Re: [PATCH v3 0/6] slab: Introduce dedicated bucket allocator

[Date Prev][Date Next][Thread Prev][Thread Next][Date Index][Thread Index]

 



On 4/24/24 23:40, Kees Cook wrote:
> Hi,
> 
> Series change history:
> 
>  v3:
>   - clarify rationale and purpose in commit log
>   - rebase to -next (CONFIG_CODE_TAGGING)
>   - simplify calling styles and split out bucket plumbing more cleanly
>   - consolidate kmem_buckets_*() family introduction patches
>  v2: https://lore.kernel.org/lkml/20240305100933.it.923-kees@xxxxxxxxxx/
>  v1: https://lore.kernel.org/lkml/20240304184252.work.496-kees@xxxxxxxxxx/
> 
> For the cover letter, I'm repeating commit log for patch 4 here, which has
> additional clarifications and rationale since v2:
> 
>     Dedicated caches are available for fixed size allocations via
>     kmem_cache_alloc(), but for dynamically sized allocations there is only
>     the global kmalloc API's set of buckets available. This means it isn't
>     possible to separate specific sets of dynamically sized allocations into
>     a separate collection of caches.
>     
>     This leads to a use-after-free exploitation weakness in the Linux
>     kernel since many heap memory spraying/grooming attacks depend on using
>     userspace-controllable dynamically sized allocations to collide with
>     fixed size allocations that end up in same cache.
>     
>     While CONFIG_RANDOM_KMALLOC_CACHES provides a probabilistic defense
>     against these kinds of "type confusion" attacks, including for fixed
>     same-size heap objects, we can create a complementary deterministic
>     defense for dynamically sized allocations that are directly user
>     controlled. Addressing these cases is limited in scope, so isolation these
>     kinds of interfaces will not become an unbounded game of whack-a-mole. For
>     example, pass through memdup_user(), making isolation there very
>     effective.

What does "Addressing these cases is limited in scope, so isolation
these kinds of interfaces will not become an unbounded game of
whack-a-mole." mean exactly?

>     
>     In order to isolate user-controllable sized allocations from system
>     allocations, introduce kmem_buckets_create(), which behaves like
>     kmem_cache_create(). Introduce kmem_buckets_alloc(), which behaves like
>     kmem_cache_alloc().
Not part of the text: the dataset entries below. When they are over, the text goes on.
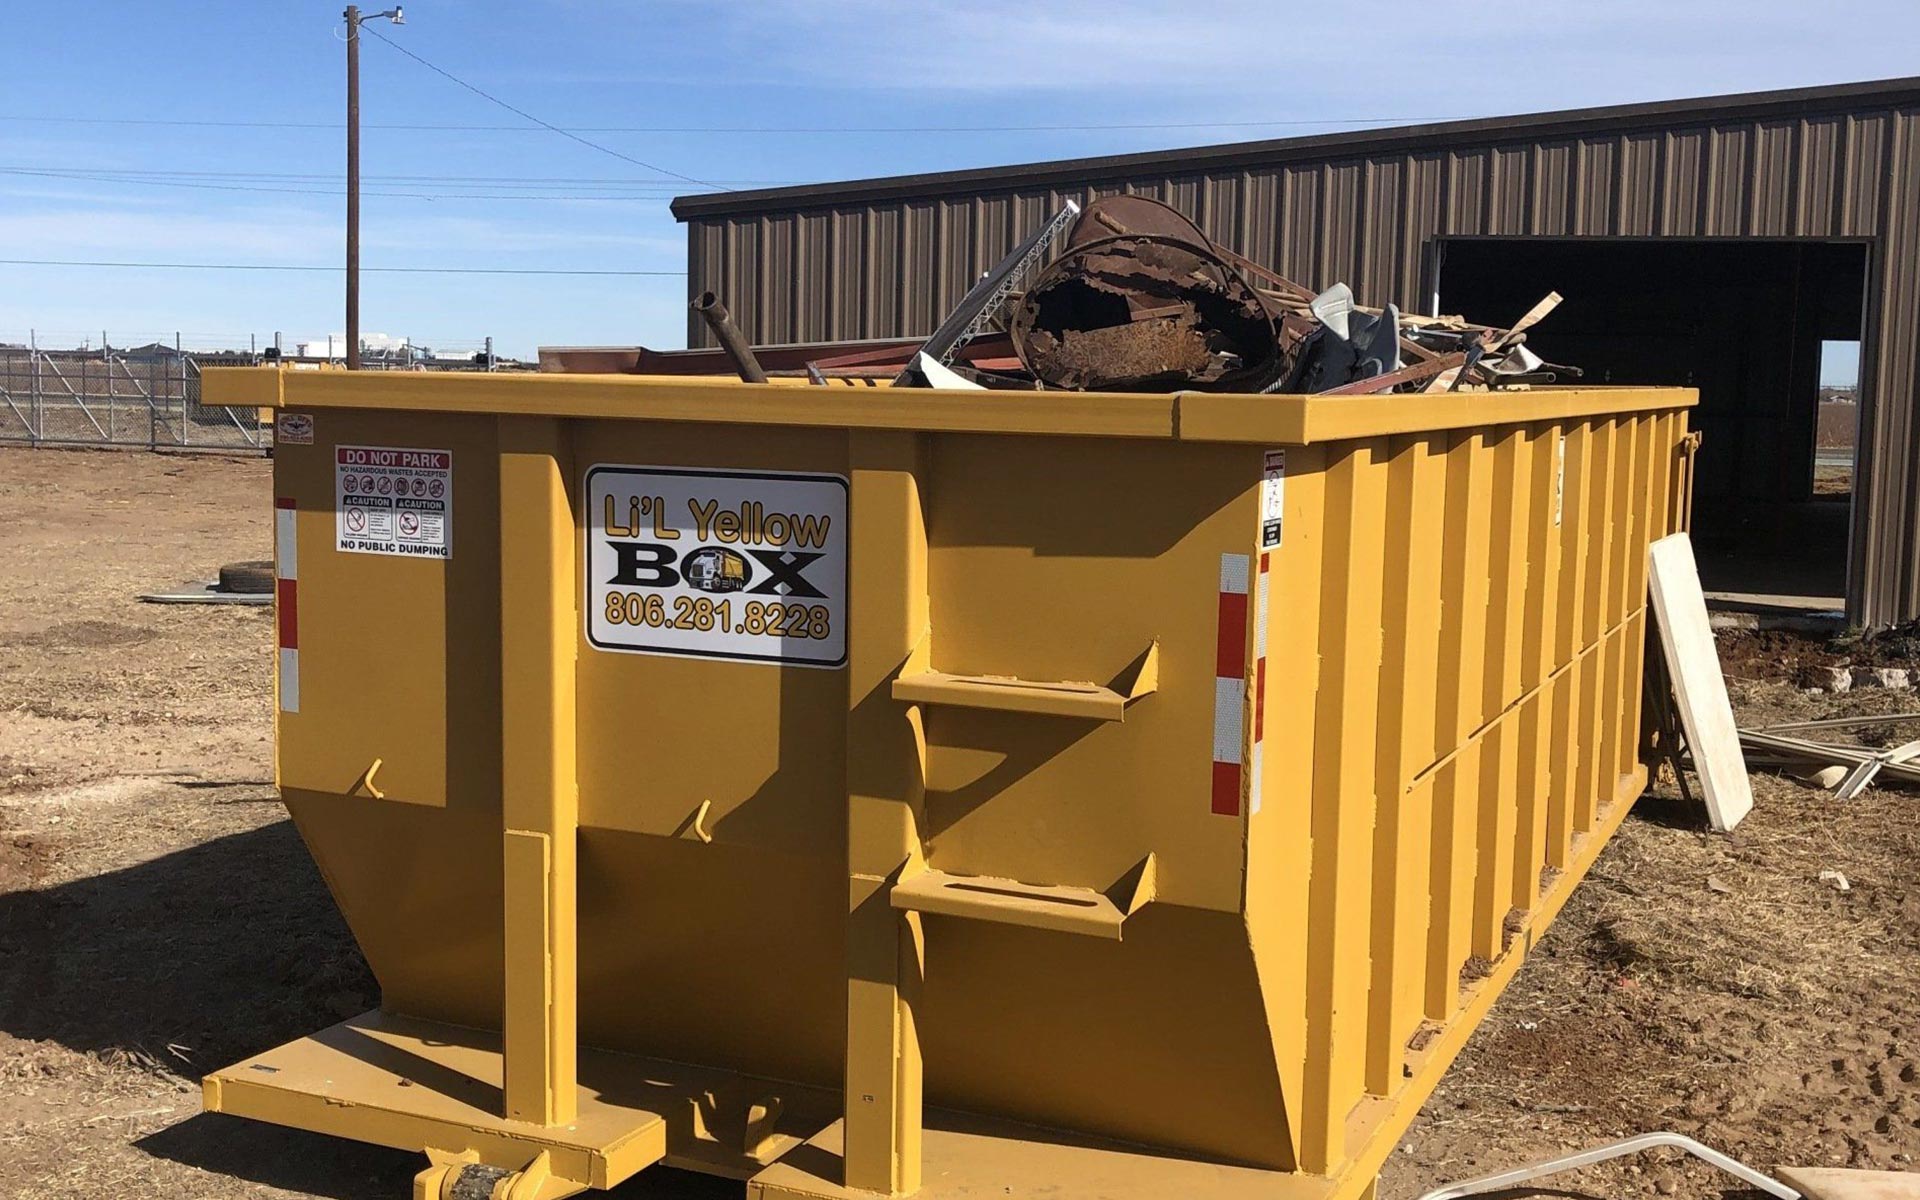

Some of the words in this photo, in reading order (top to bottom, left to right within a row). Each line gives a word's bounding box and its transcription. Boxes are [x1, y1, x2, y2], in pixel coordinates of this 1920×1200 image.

[346, 450, 366, 464] DO
[370, 452, 398, 465] NOT
[402, 454, 441, 468] PARK
[350, 467, 387, 475] HAZARDOUS
[414, 470, 448, 478] ACCEPTED
[351, 496, 390, 506] CAUTION
[404, 499, 442, 509] CAUTION
[604, 494, 681, 540] Li'L
[688, 497, 831, 549] Yellow
[340, 540, 355, 549] NO
[358, 541, 396, 552] PUBLIC
[399, 544, 448, 557] DUMPING
[605, 541, 830, 599] BOX
[605, 591, 831, 640] 806.281.8228
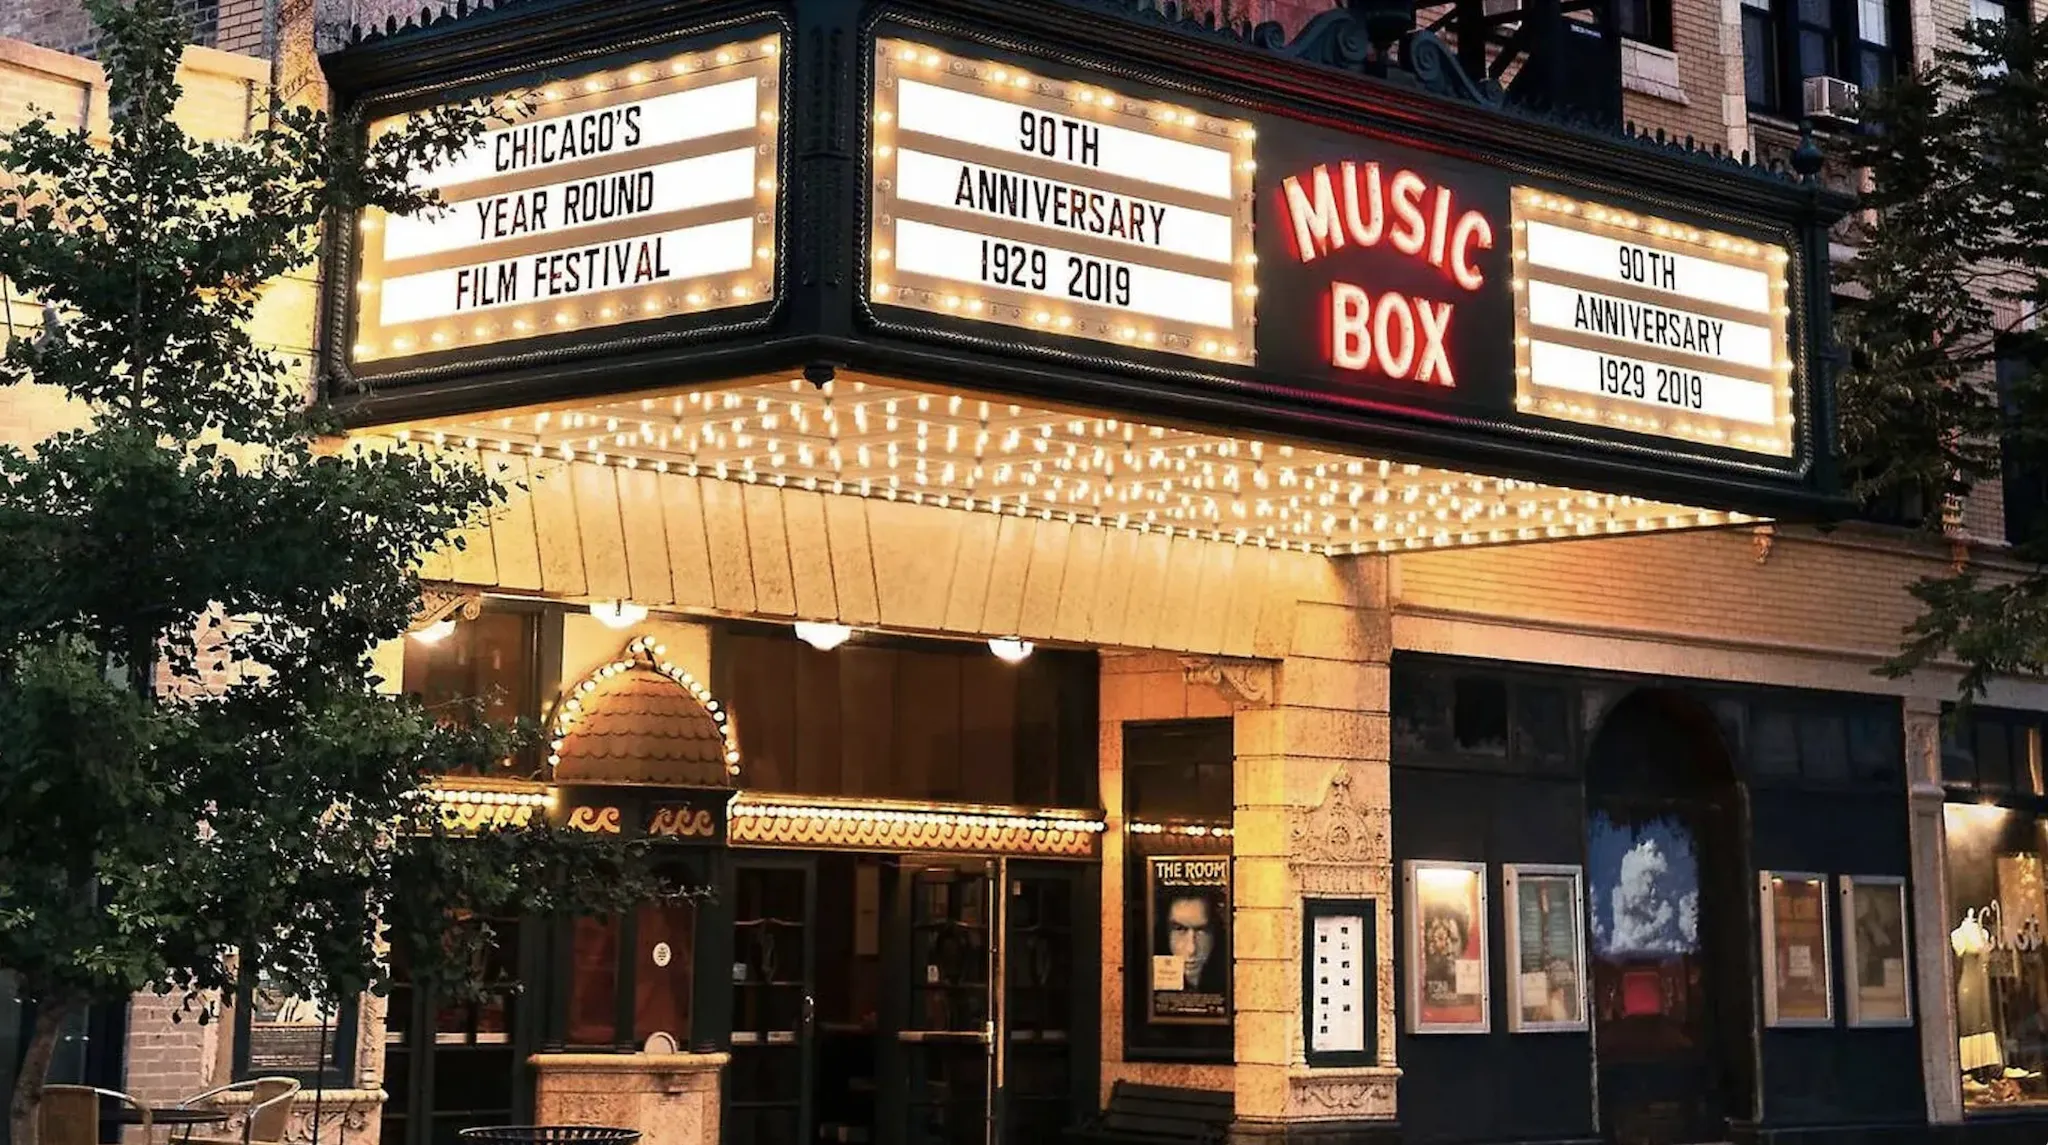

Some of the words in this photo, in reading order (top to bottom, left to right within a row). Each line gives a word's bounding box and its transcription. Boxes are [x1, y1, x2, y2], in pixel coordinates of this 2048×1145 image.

[495, 105, 642, 172] CHICAGO'S
[1020, 110, 1099, 167] 90TH
[477, 190, 548, 240] YEAR
[564, 170, 655, 226] ROUND
[955, 165, 1166, 246] ANNIVERSARY
[1282, 160, 1493, 292] MUSIC
[456, 260, 519, 310] FILM
[533, 237, 670, 298] FESTIVAL
[981, 239, 1047, 291] 1929
[1067, 256, 1131, 307] 2019
[1619, 245, 1676, 291] 90TH
[1330, 281, 1456, 388] BOX
[1574, 294, 1723, 356] ANNIVERSARY
[1599, 356, 1646, 400] 1929
[1657, 369, 1702, 409] 2019
[1155, 862, 1182, 879] THE
[1185, 862, 1226, 879] ROOM
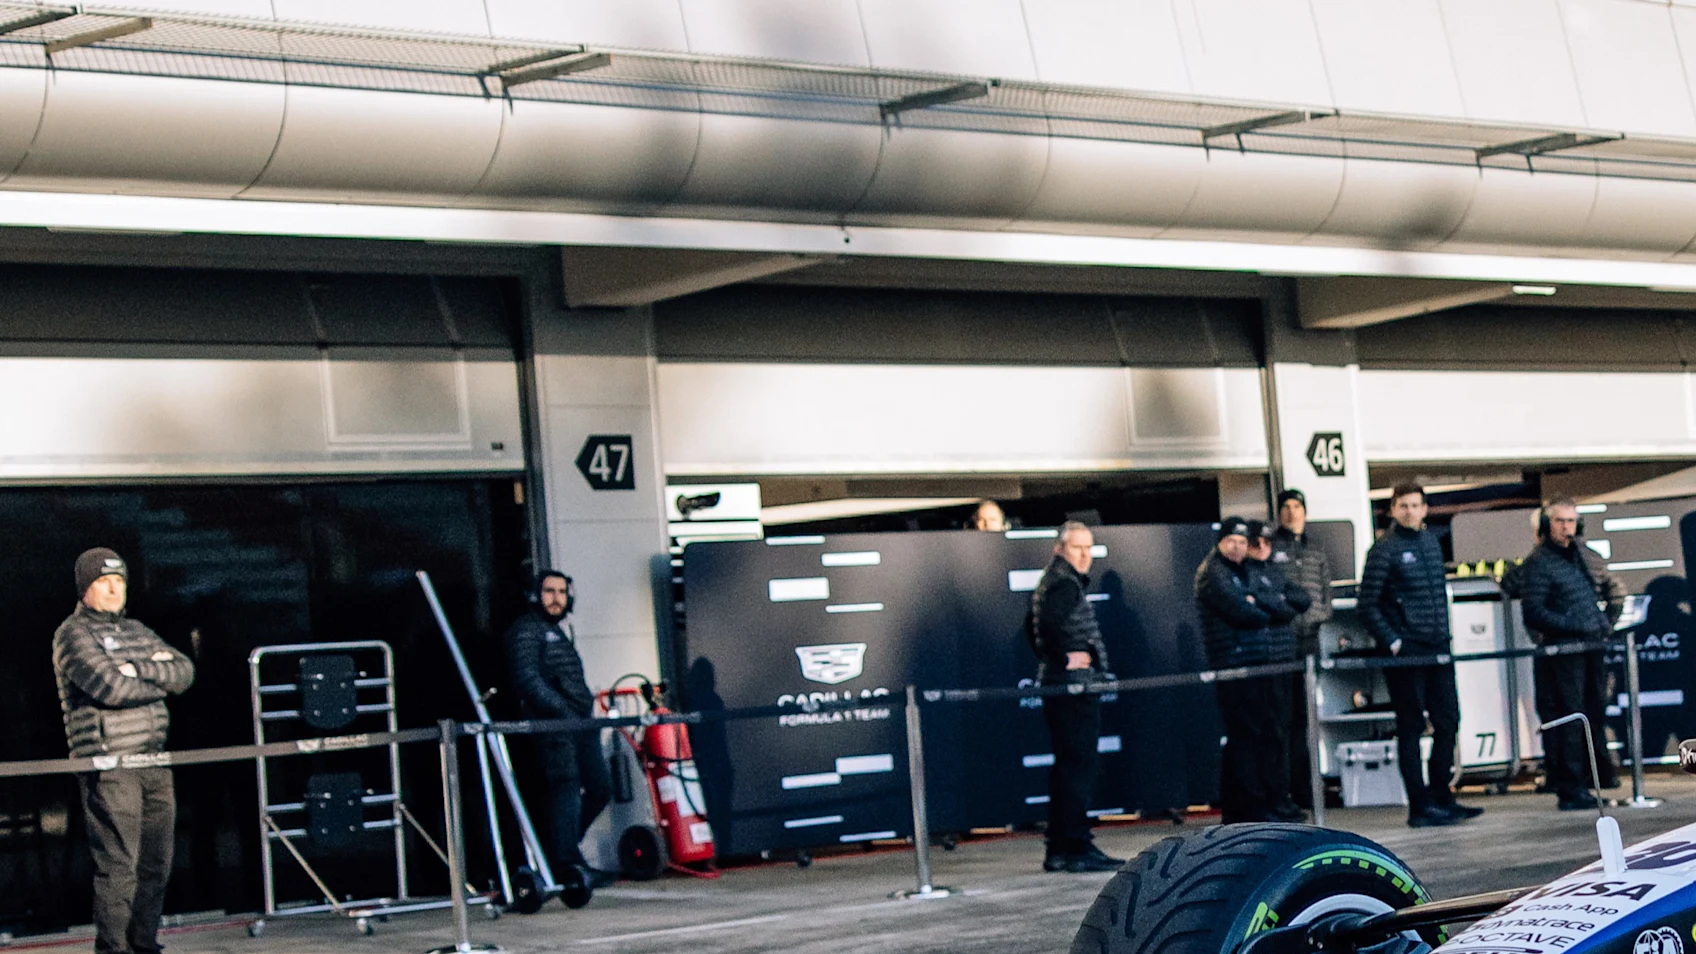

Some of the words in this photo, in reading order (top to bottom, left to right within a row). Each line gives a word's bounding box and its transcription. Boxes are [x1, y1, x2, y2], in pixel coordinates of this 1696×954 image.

Introduce kmem_buckets_alloc_track_caller() for
>     where caller tracking is needed. Introduce kmem_buckets_valloc() for
>     cases where vmalloc callback is needed.
>     
>     Allows for confining allocations to a dedicated set of sized caches
>     (which have the same layout as the kmalloc caches).
>     
>     This can also be used in the future to extend codetag allocation
>     annotations to implement per-caller allocation cache isolation[1] even
>     for dynamic allocations.
Having per-caller allocation cache isolation looks like something that
has already been done in
https://git.kernel.org/pub/scm/linux/kernel/git/torvalds/linux.git/commit/?id=3c6152940584290668b35fa0800026f6a1ae05fe
albeit in a randomized way. Why not piggy-back on the infra added by
this patch, instead of adding a new API?

>     Memory allocation pinning[2] is still needed to plug the Use-After-Free
>     cross-allocator weakness, but that is an existing and separate issue
>     which is complementary to this improvement. Development continues for
>     that feature via the SLAB_VIRTUAL[3] series (which could also provide
>     guard pages -- another complementary improvement).
>     
>     Link: https://lore.kernel.org/lkml/202402211449.401382D2AF@keescook [1]
>     Link: https://googleprojectzero.blogspot.com/2021/10/how-simple-linux-kernel-memory.html [2]
>     Link: https://lore.kernel.org/lkml/20230915105933.495735-1-matteorizzo@xxxxxxxxxx/ [3]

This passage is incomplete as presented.